Exercise brief
Repeat the listing exactly as given, omitting every image.

Available records
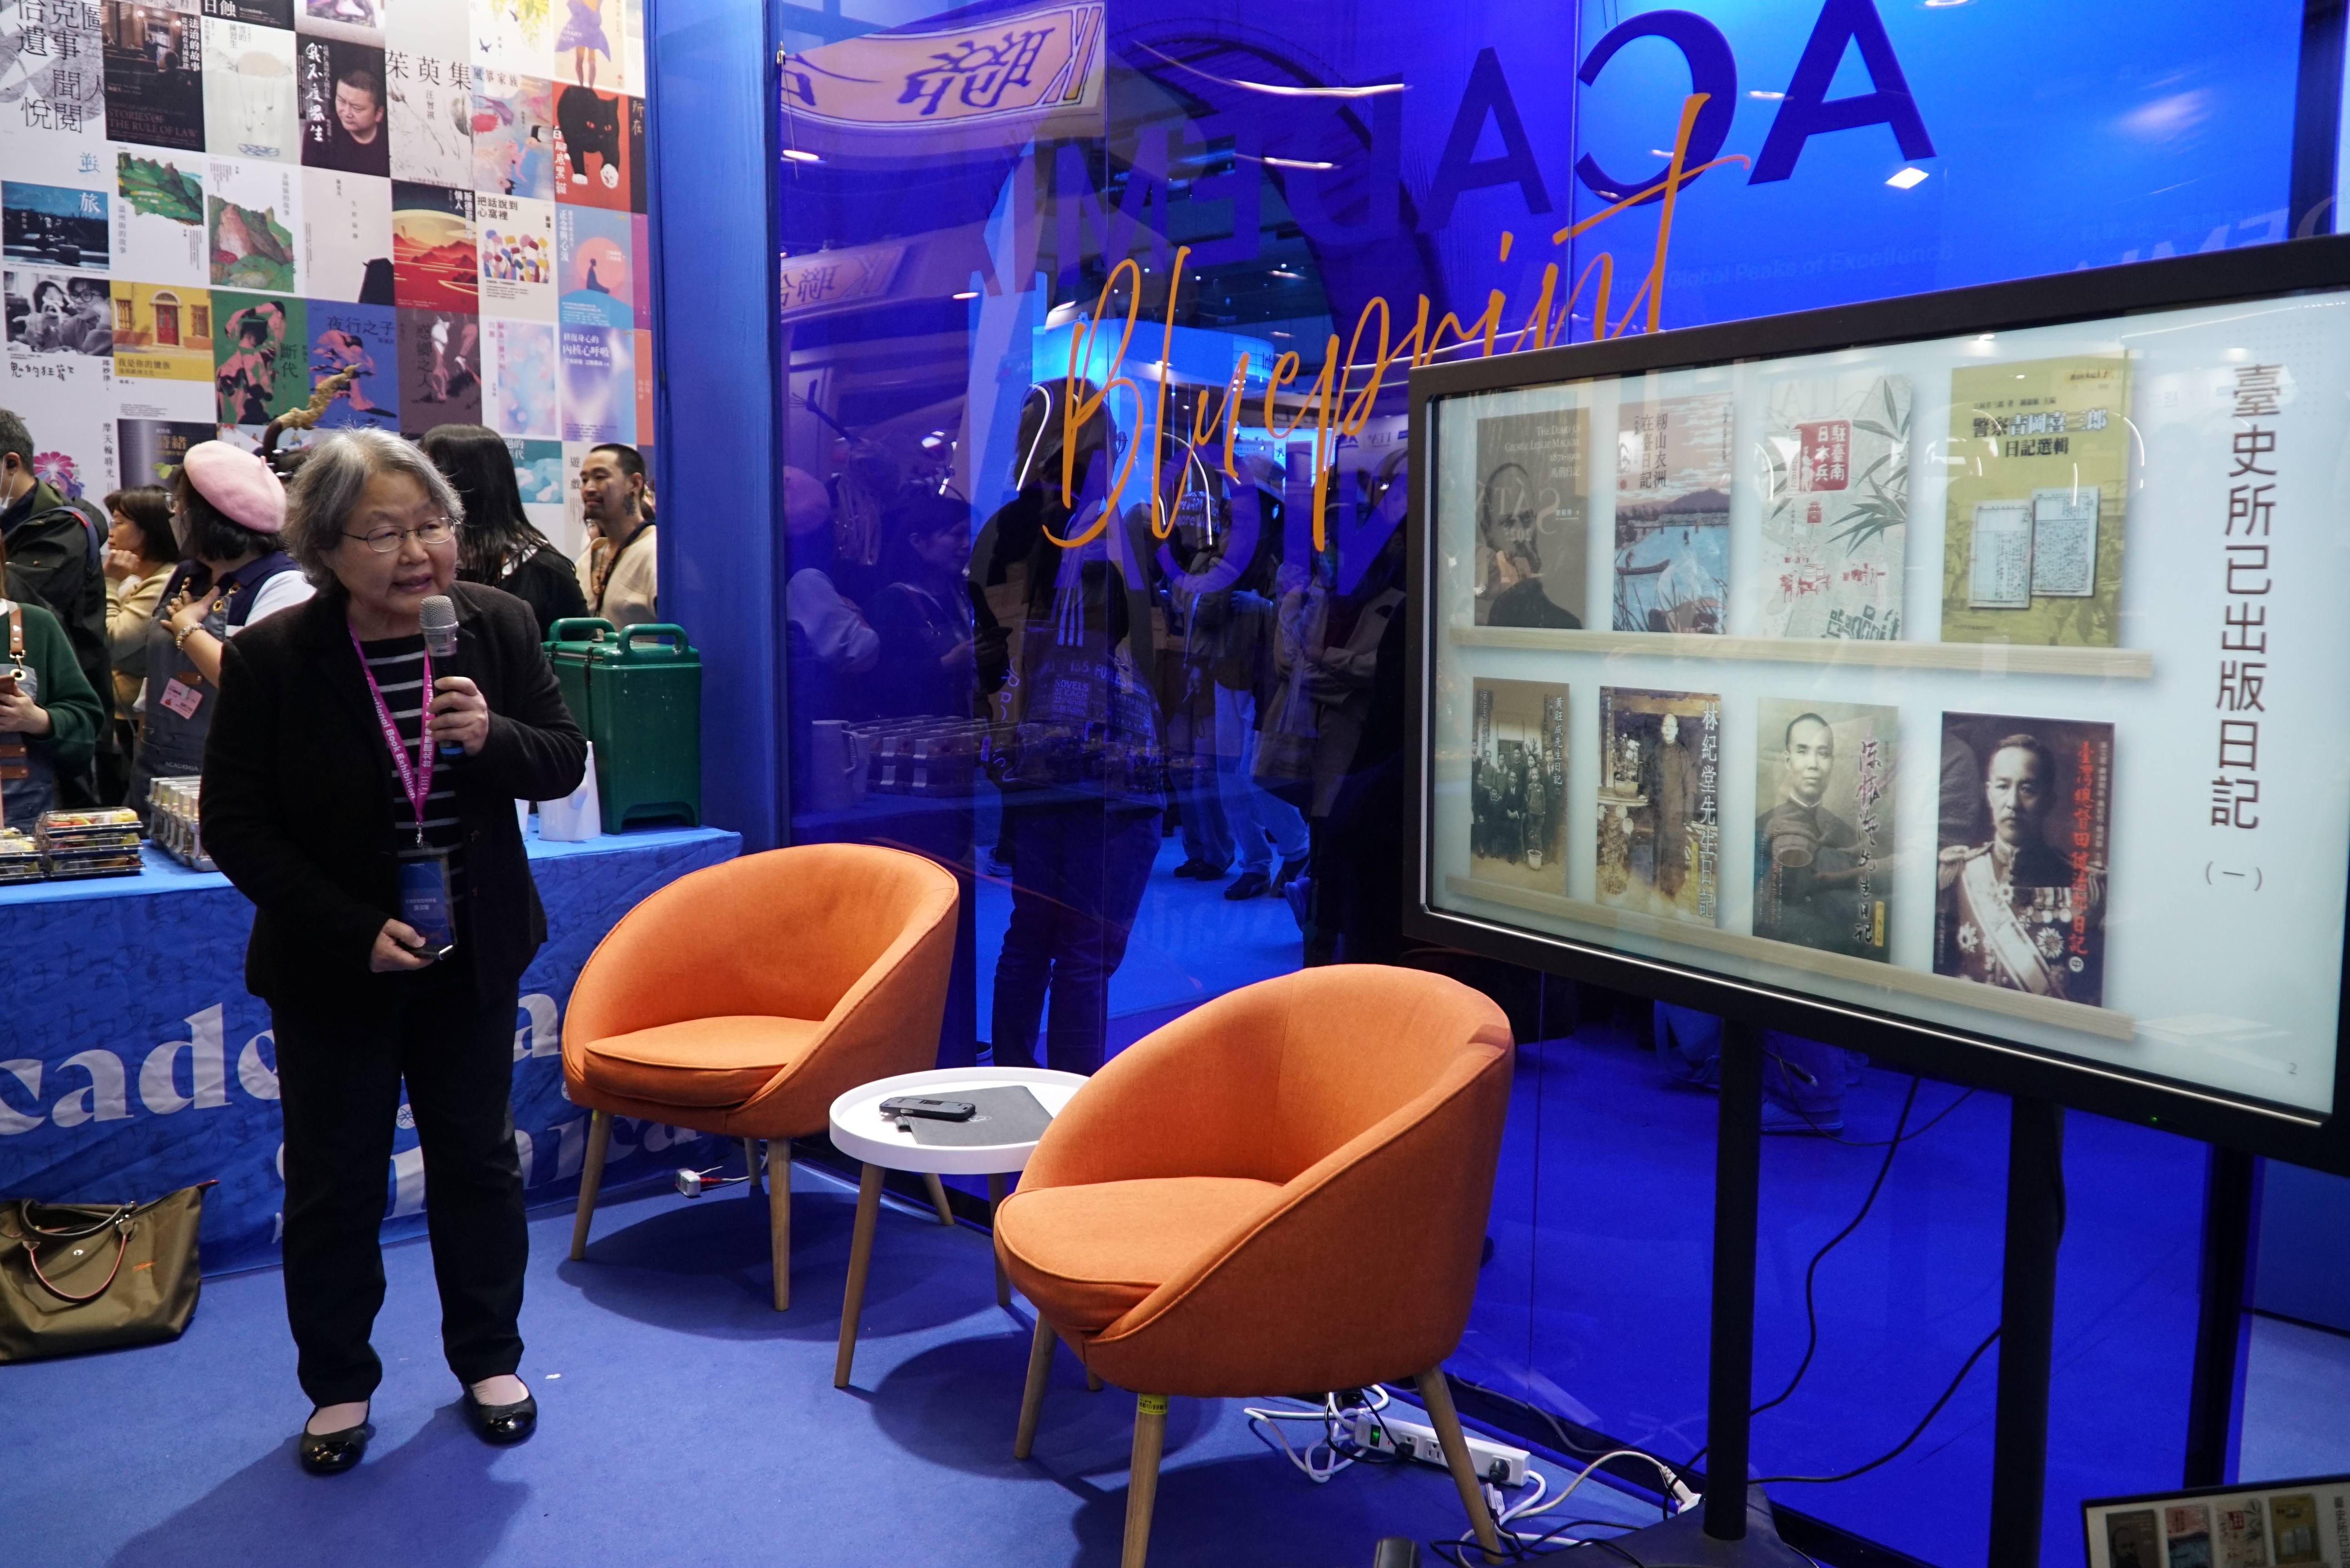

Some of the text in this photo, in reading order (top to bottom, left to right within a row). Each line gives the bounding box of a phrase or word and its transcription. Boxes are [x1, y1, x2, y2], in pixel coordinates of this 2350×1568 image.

[189, 17, 201, 71] 法治的故事
[385, 48, 472, 91] 茱萸集
[553, 125, 567, 195] 白腳底黑貓
[477, 196, 518, 211] 把話說到
[477, 207, 508, 221] 心窩裡
[326, 315, 395, 336] 夜行之子
[280, 343, 298, 378] 斷代
[1973, 407, 2108, 438] 警察吉岡喜三郎
[102, 422, 115, 478] 摩天輪時光
[1639, 413, 1654, 489] 在臺日記
[1814, 425, 1830, 482] 日本兵
[1830, 424, 1847, 481] 駐臺南
[2005, 436, 2069, 458] 日記選輯
[569, 456, 581, 490] 遊戲
[1551, 466, 1581, 478] 馬偕日記
[2209, 363, 2285, 830] 臺史所已出版日記
[385, 729, 401, 752] Book
[395, 753, 417, 799] Exhibition
[1699, 702, 1719, 918] 林紀堂先生日記
[2288, 1061, 2298, 1075] 2
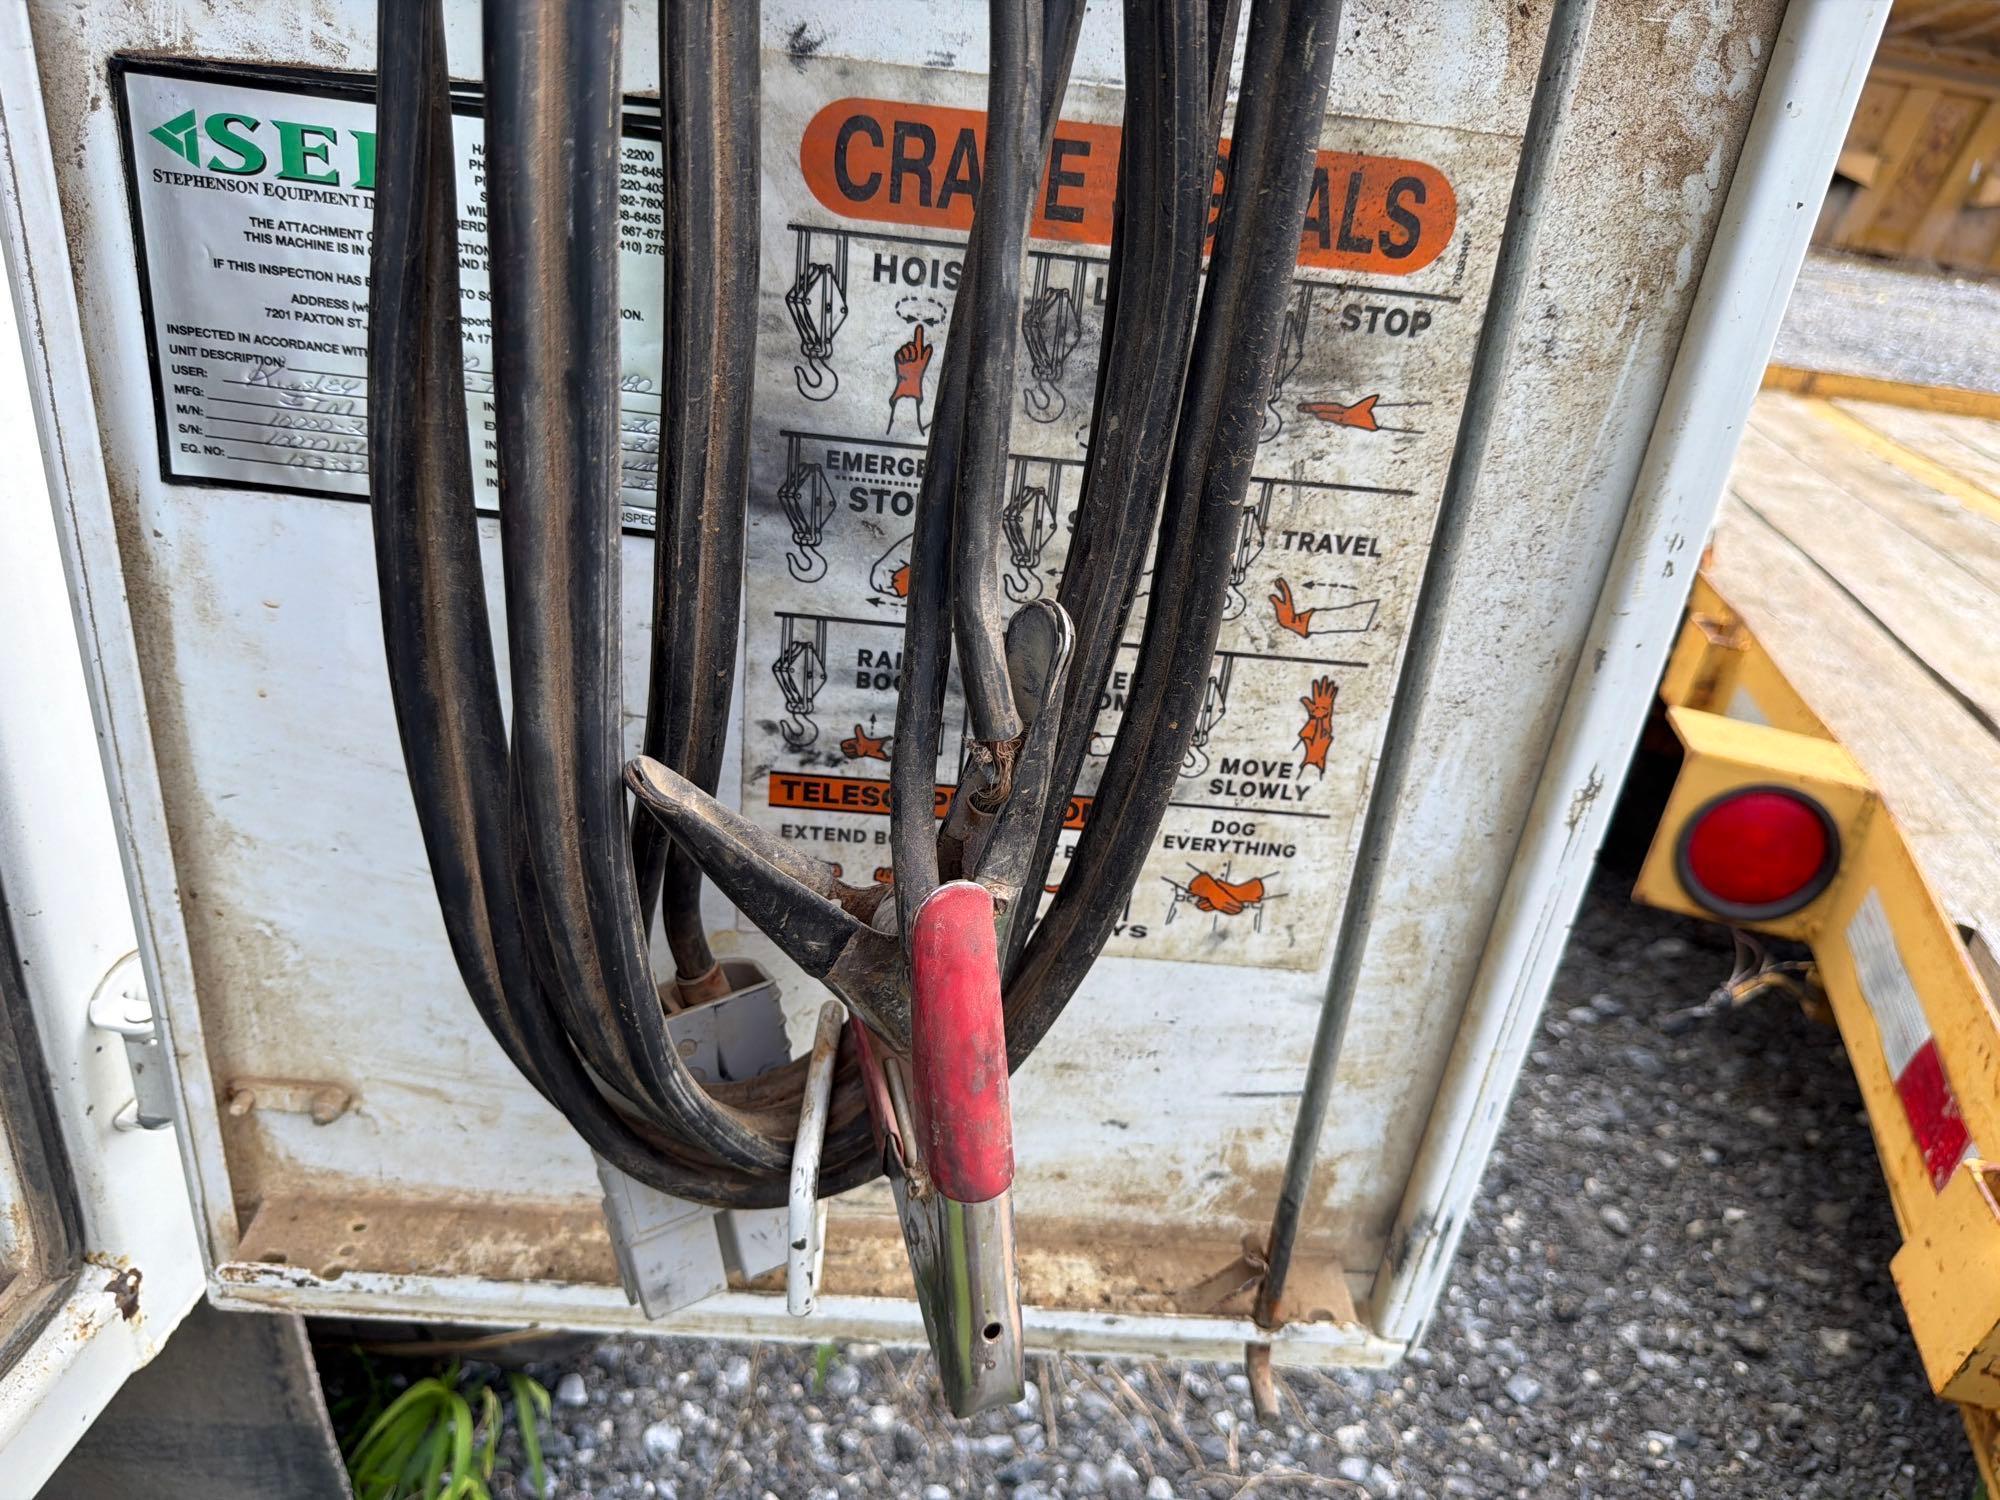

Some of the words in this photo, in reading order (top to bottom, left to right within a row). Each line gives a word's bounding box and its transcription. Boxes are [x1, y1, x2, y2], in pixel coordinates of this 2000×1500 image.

Task answer
Some of the text in this photo, in reading order (top to bottom, left to right within a row). Each line gives the bounding box of a phrase or word and its transcription. Boxes are [x1, y1, x2, y2], in pixel coordinates of this 2350×1568 image.

[189, 17, 201, 71] 法治的故事
[385, 48, 472, 91] 茱萸集
[553, 125, 567, 195] 白腳底黑貓
[477, 196, 518, 211] 把話說到
[477, 207, 508, 221] 心窩裡
[326, 315, 395, 336] 夜行之子
[280, 343, 298, 378] 斷代
[1973, 407, 2108, 438] 警察吉岡喜三郎
[102, 422, 115, 478] 摩天輪時光
[1639, 413, 1654, 489] 在臺日記
[1814, 425, 1830, 482] 日本兵
[1830, 424, 1847, 481] 駐臺南
[2005, 436, 2069, 458] 日記選輯
[569, 456, 581, 490] 遊戲
[1551, 466, 1581, 478] 馬偕日記
[2209, 363, 2285, 830] 臺史所已出版日記
[385, 729, 401, 752] Book
[395, 753, 417, 799] Exhibition
[1699, 702, 1719, 918] 林紀堂先生日記
[2288, 1061, 2298, 1075] 2

Some of the words in this photo, in reading order (top to bottom, left to right within a row). Each line gives a word's bounding box and its transcription. Boxes are [x1, y1, x2, y2], in pixel coordinates of this 2000×1500 image.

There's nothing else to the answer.